Chapter 11, Problem 11.1P

To determine

To draw:

The Root locus plot of $3s^2+12s+k=0\text{for}k\ge 0$ and determine the value of smallest possible time constant and value of k.

Answer to Problem 11.1P

The smallest possible time constant is $\frac{1}{2}$ which occur for $k\ge 12$.

Explanation of Solution

Given information:

The characteristic equation is given as $3s^2+12s+k=0\text{for}k\ge 0$.

Concept Used:

Root locus technique is used to determine the time constant and value of k.

Calculation:

Solving the quadratic equation for finding the roots of the equation:

$3s^2+12s+k=0$

$s=-2\pm \frac{\sqrt{144-12k}}{6}$

Separate the terms of $\frac{\sqrt{144-12k}}{6}$ as $\frac{\sqrt{144}}{6}-\frac{\sqrt{12k}}{6}$

$\begin{array}{l}s=-2\pm \frac{\sqrt{144}}{6}-\frac{\sqrt{12k}}{6}\\ s=-2\pm \frac{12}{6}-\frac{\sqrt{4\times 3k}}{6}\\ s=-2\pm 2-\frac{2\sqrt{3k}}{6}\\ s=-2\pm 2-\frac{\sqrt{3k}}{\sqrt{3}\sqrt{3}}\\ s=-2\pm 2-\sqrt{\frac{k}{3}}\end{array}$

$s=-2\pm \sqrt{4-\frac{k}{3}}$

Roots of the given equation is:

$\begin{array}{l}{s}_1=-2+\sqrt{4-\frac{k}{3}}\\ s_2=-2-\sqrt{4-\frac{k}{3}}\end{array}$

Finding the value of sfor $k\ge 0$

For $k\le 12$, substitute the value of kin $s_1\&s_2$, that is, $k=12$

$s_1\&s_2=-2$

Substitute $k=0$ the

$s_1=0\&s_2=-4$

The two roots are real and equal for $k=12$ and two roots are real and unequal for $k=0$

Roots are $s=-2$ for $k=12$ and $s=0$ for $k=0$

For $k>12$ value of the roots is imaginary and varies upto infinity.

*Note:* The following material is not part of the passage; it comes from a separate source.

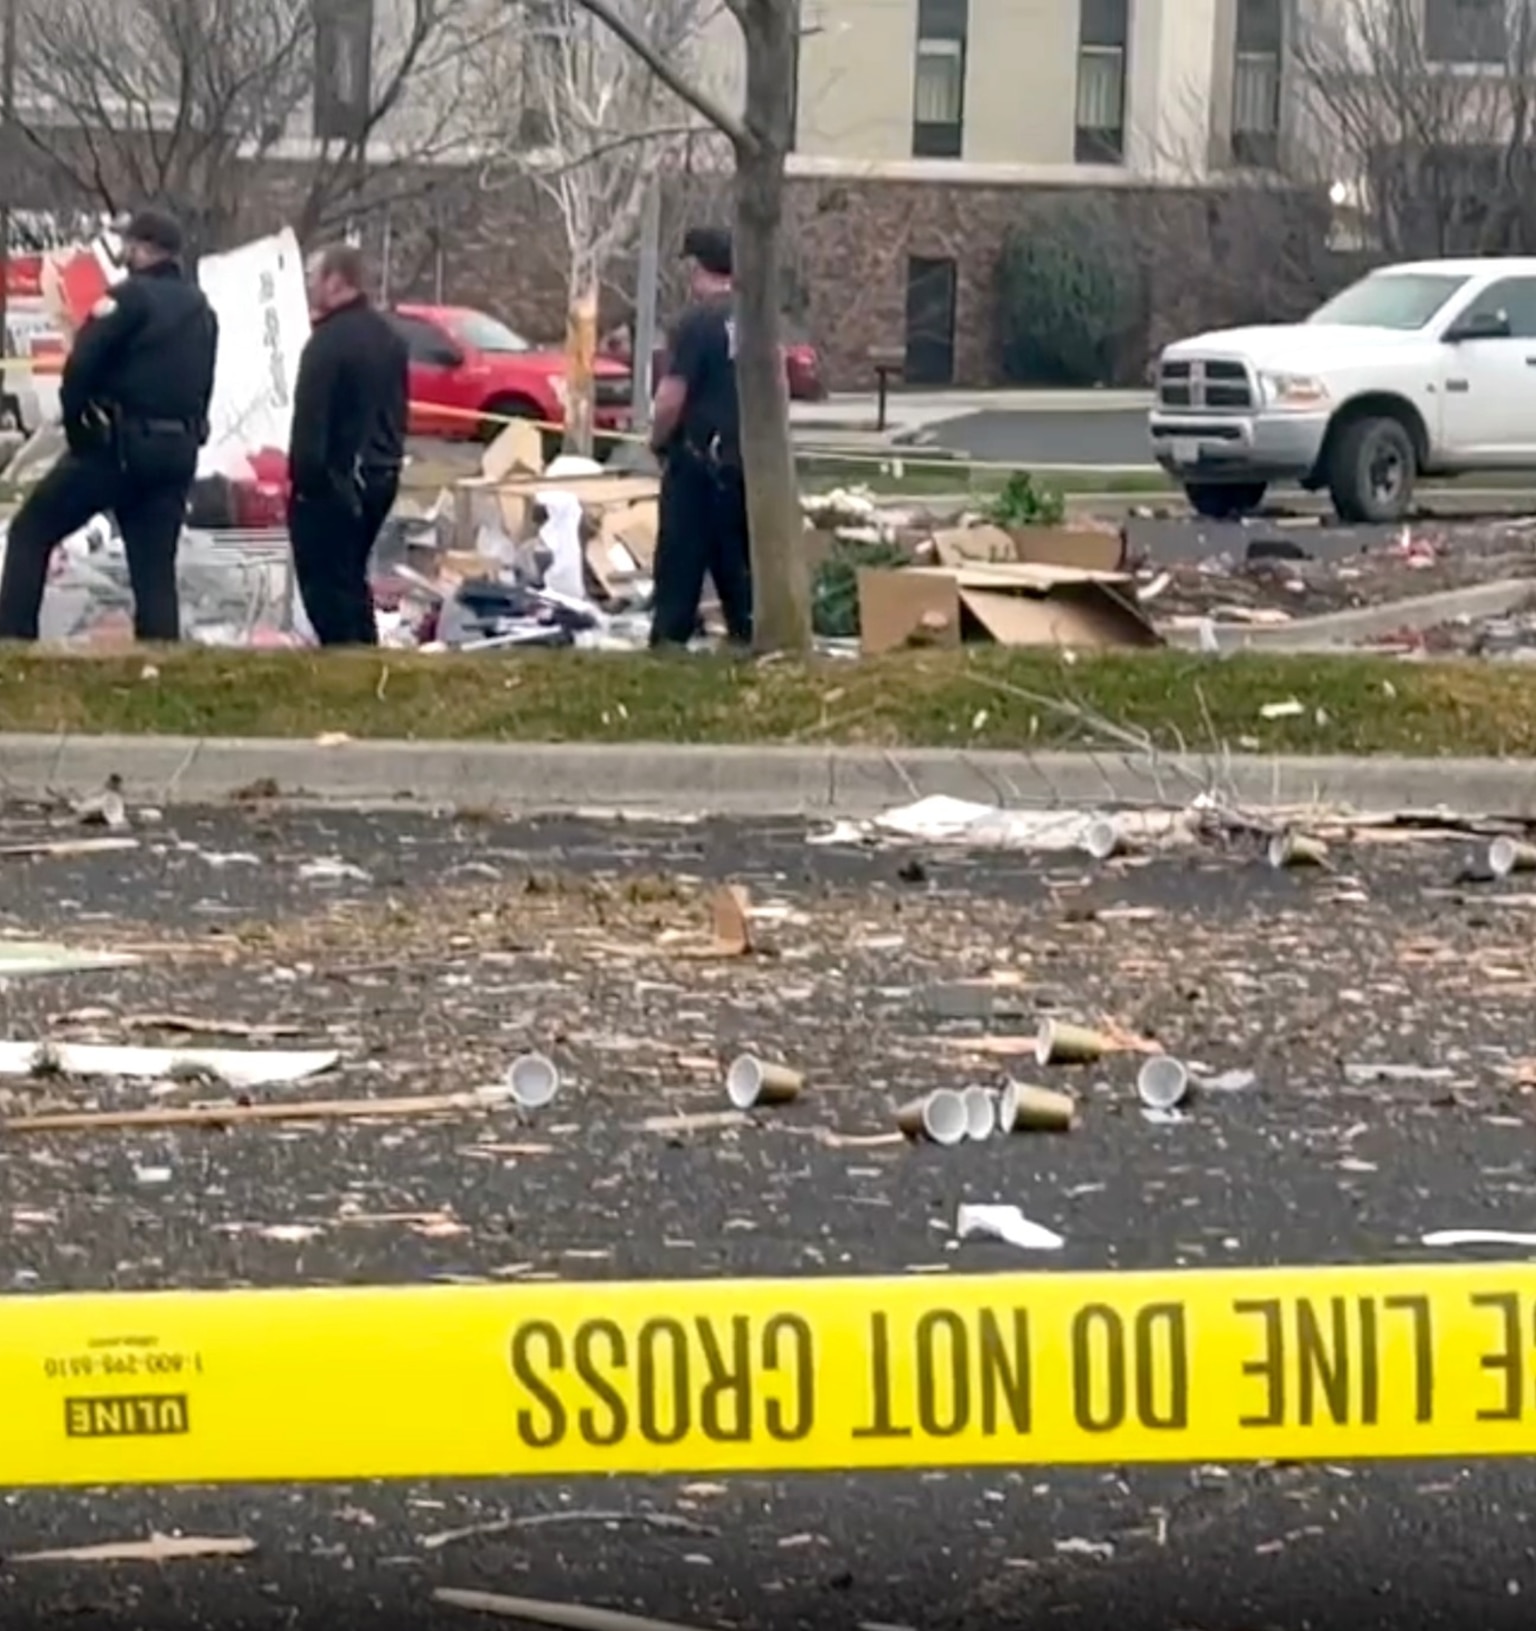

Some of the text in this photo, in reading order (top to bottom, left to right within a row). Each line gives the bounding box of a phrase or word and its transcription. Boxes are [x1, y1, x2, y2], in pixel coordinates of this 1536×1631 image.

Roots for $k>12is-2\pm 0.5773j$.

Time constant is $\tau =\frac{-1}{\begin{array}{l}s\\ s=-2\end{array}}$

$\tau =\frac{1}{2}$

If $s=0$ then $\tau =\infty$.

For $0<k<12$, the value of time constant is always $\frac{1}{2}$ for $k=12$ and $\infty$ for $k=0$.

The smallest possible time constant is $\frac{1}{2}$ which occur for $k\ge 12$.

Root locus plot for the equation is:

Conclusion:

The smallest possible time constant is $\frac{1}{2}$ which occur for $k\ge 12$.